Saved data entries:
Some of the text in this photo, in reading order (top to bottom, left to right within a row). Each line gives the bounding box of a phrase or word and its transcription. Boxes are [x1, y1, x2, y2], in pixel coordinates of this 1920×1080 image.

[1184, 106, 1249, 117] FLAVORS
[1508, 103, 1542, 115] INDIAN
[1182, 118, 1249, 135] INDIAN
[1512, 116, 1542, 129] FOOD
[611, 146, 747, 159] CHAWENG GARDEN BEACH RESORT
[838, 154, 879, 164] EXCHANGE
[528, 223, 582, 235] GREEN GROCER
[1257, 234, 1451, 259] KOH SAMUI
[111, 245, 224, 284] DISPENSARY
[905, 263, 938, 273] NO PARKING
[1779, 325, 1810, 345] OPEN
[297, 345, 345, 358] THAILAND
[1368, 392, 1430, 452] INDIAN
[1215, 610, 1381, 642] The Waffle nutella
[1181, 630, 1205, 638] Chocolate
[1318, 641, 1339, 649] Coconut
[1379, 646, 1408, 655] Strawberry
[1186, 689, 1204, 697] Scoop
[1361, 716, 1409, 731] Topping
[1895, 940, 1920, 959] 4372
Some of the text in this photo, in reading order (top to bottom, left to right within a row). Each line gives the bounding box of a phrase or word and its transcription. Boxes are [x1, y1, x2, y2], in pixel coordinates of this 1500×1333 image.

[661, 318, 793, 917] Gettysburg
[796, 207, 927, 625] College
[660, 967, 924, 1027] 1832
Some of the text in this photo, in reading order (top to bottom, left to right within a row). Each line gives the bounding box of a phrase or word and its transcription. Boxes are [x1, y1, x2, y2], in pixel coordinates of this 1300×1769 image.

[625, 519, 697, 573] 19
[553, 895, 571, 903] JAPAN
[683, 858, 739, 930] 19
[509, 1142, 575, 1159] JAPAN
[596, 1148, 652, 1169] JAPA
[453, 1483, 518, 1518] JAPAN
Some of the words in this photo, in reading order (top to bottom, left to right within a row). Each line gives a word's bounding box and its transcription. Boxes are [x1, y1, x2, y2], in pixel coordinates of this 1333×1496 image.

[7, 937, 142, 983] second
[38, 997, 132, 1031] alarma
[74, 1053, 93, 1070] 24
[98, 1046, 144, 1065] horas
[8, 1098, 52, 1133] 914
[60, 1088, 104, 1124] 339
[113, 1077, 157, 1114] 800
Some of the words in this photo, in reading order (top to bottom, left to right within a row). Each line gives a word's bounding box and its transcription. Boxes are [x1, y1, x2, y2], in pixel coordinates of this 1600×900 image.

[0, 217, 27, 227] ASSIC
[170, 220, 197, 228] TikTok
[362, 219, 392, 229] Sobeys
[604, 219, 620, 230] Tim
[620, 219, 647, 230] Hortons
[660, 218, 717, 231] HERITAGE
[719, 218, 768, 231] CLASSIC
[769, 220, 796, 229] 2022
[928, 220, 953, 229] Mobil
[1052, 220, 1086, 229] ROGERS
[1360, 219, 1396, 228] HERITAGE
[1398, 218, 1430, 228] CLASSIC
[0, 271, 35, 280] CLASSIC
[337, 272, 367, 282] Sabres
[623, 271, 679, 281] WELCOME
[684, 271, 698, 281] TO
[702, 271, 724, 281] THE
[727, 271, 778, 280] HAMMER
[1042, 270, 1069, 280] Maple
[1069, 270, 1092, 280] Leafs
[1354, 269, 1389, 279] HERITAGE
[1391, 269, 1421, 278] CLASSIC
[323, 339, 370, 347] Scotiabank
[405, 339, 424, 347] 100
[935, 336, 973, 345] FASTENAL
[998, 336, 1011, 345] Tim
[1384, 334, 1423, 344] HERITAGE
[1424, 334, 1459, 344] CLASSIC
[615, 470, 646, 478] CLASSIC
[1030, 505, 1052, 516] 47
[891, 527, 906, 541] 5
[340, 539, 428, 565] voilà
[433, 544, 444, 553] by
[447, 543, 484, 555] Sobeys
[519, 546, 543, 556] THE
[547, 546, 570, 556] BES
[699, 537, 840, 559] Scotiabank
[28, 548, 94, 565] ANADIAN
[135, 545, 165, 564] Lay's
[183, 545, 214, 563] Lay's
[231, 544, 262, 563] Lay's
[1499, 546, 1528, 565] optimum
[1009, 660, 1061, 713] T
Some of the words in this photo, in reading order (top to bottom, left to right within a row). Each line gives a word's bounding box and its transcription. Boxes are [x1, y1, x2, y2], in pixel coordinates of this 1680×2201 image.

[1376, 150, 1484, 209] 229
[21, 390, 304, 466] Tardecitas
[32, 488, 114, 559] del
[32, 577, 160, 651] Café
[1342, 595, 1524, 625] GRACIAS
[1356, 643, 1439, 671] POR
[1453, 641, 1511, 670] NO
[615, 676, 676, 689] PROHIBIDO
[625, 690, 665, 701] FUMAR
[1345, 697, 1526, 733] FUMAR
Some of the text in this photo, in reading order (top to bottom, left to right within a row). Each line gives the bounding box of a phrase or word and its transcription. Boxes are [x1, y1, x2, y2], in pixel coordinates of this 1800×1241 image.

> _Task item_: Write every record out again, letter for letter.

> _Exercise solution_:
Some of the text in this photo, in reading order (top to bottom, left to right within a row). Each line gives the bounding box of a phrase or word and its transcription. Boxes are [x1, y1, x2, y2], in pixel coordinates of this 1920×1080 image.

[1184, 106, 1249, 117] FLAVORS
[1508, 103, 1542, 115] INDIAN
[1182, 118, 1249, 135] INDIAN
[1512, 116, 1542, 129] FOOD
[611, 146, 747, 159] CHAWENG GARDEN BEACH RESORT
[838, 154, 879, 164] EXCHANGE
[528, 223, 582, 235] GREEN GROCER
[1257, 234, 1451, 259] KOH SAMUI
[111, 245, 224, 284] DISPENSARY
[905, 263, 938, 273] NO PARKING
[1779, 325, 1810, 345] OPEN
[297, 345, 345, 358] THAILAND
[1368, 392, 1430, 452] INDIAN
[1215, 610, 1381, 642] The Waffle nutella
[1181, 630, 1205, 638] Chocolate
[1318, 641, 1339, 649] Coconut
[1379, 646, 1408, 655] Strawberry
[1186, 689, 1204, 697] Scoop
[1361, 716, 1409, 731] Topping
[1895, 940, 1920, 959] 4372
Some of the text in this photo, in reading order (top to bottom, left to right within a row). Each line gives the bounding box of a phrase or word and its transcription. Boxes are [x1, y1, x2, y2], in pixel coordinates of this 1500×1333 image.

[661, 318, 793, 917] Gettysburg
[796, 207, 927, 625] College
[660, 967, 924, 1027] 1832
Some of the text in this photo, in reading order (top to bottom, left to right within a row). Each line gives the bounding box of a phrase or word and its transcription. Boxes are [x1, y1, x2, y2], in pixel coordinates of this 1300×1769 image.

[625, 519, 697, 573] 19
[553, 895, 571, 903] JAPAN
[683, 858, 739, 930] 19
[509, 1142, 575, 1159] JAPAN
[596, 1148, 652, 1169] JAPA
[453, 1483, 518, 1518] JAPAN
Some of the words in this photo, in reading order (top to bottom, left to right within a row). Each line gives a word's bounding box and its transcription. Boxes are [x1, y1, x2, y2], in pixel coordinates of this 1333×1496 image.

[7, 937, 142, 983] second
[38, 997, 132, 1031] alarma
[74, 1053, 93, 1070] 24
[98, 1046, 144, 1065] horas
[8, 1098, 52, 1133] 914
[60, 1088, 104, 1124] 339
[113, 1077, 157, 1114] 800
Some of the words in this photo, in reading order (top to bottom, left to right within a row). Each line gives a word's bounding box and its transcription. Boxes are [x1, y1, x2, y2], in pixel coordinates of this 1600×900 image.

[0, 217, 27, 227] ASSIC
[170, 220, 197, 228] TikTok
[362, 219, 392, 229] Sobeys
[604, 219, 620, 230] Tim
[620, 219, 647, 230] Hortons
[660, 218, 717, 231] HERITAGE
[719, 218, 768, 231] CLASSIC
[769, 220, 796, 229] 2022
[928, 220, 953, 229] Mobil
[1052, 220, 1086, 229] ROGERS
[1360, 219, 1396, 228] HERITAGE
[1398, 218, 1430, 228] CLASSIC
[0, 271, 35, 280] CLASSIC
[337, 272, 367, 282] Sabres
[623, 271, 679, 281] WELCOME
[684, 271, 698, 281] TO
[702, 271, 724, 281] THE
[727, 271, 778, 280] HAMMER
[1042, 270, 1069, 280] Maple
[1069, 270, 1092, 280] Leafs
[1354, 269, 1389, 279] HERITAGE
[1391, 269, 1421, 278] CLASSIC
[323, 339, 370, 347] Scotiabank
[405, 339, 424, 347] 100
[935, 336, 973, 345] FASTENAL
[998, 336, 1011, 345] Tim
[1384, 334, 1423, 344] HERITAGE
[1424, 334, 1459, 344] CLASSIC
[615, 470, 646, 478] CLASSIC
[1030, 505, 1052, 516] 47
[891, 527, 906, 541] 5
[340, 539, 428, 565] voilà
[433, 544, 444, 553] by
[447, 543, 484, 555] Sobeys
[519, 546, 543, 556] THE
[547, 546, 570, 556] BES
[699, 537, 840, 559] Scotiabank
[28, 548, 94, 565] ANADIAN
[135, 545, 165, 564] Lay's
[183, 545, 214, 563] Lay's
[231, 544, 262, 563] Lay's
[1499, 546, 1528, 565] optimum
[1009, 660, 1061, 713] T
Some of the words in this photo, in reading order (top to bottom, left to right within a row). Each line gives a word's bounding box and its transcription. Boxes are [x1, y1, x2, y2], in pixel coordinates of this 1680×2201 image.

[1376, 150, 1484, 209] 229
[21, 390, 304, 466] Tardecitas
[32, 488, 114, 559] del
[32, 577, 160, 651] Café
[1342, 595, 1524, 625] GRACIAS
[1356, 643, 1439, 671] POR
[1453, 641, 1511, 670] NO
[615, 676, 676, 689] PROHIBIDO
[625, 690, 665, 701] FUMAR
[1345, 697, 1526, 733] FUMAR
Some of the text in this photo, in reading order (top to bottom, left to right within a row). Each line gives the bounding box of a phrase or word and its transcription. Boxes are [x1, y1, x2, y2], in pixel coordinates of this 1800×1241 image.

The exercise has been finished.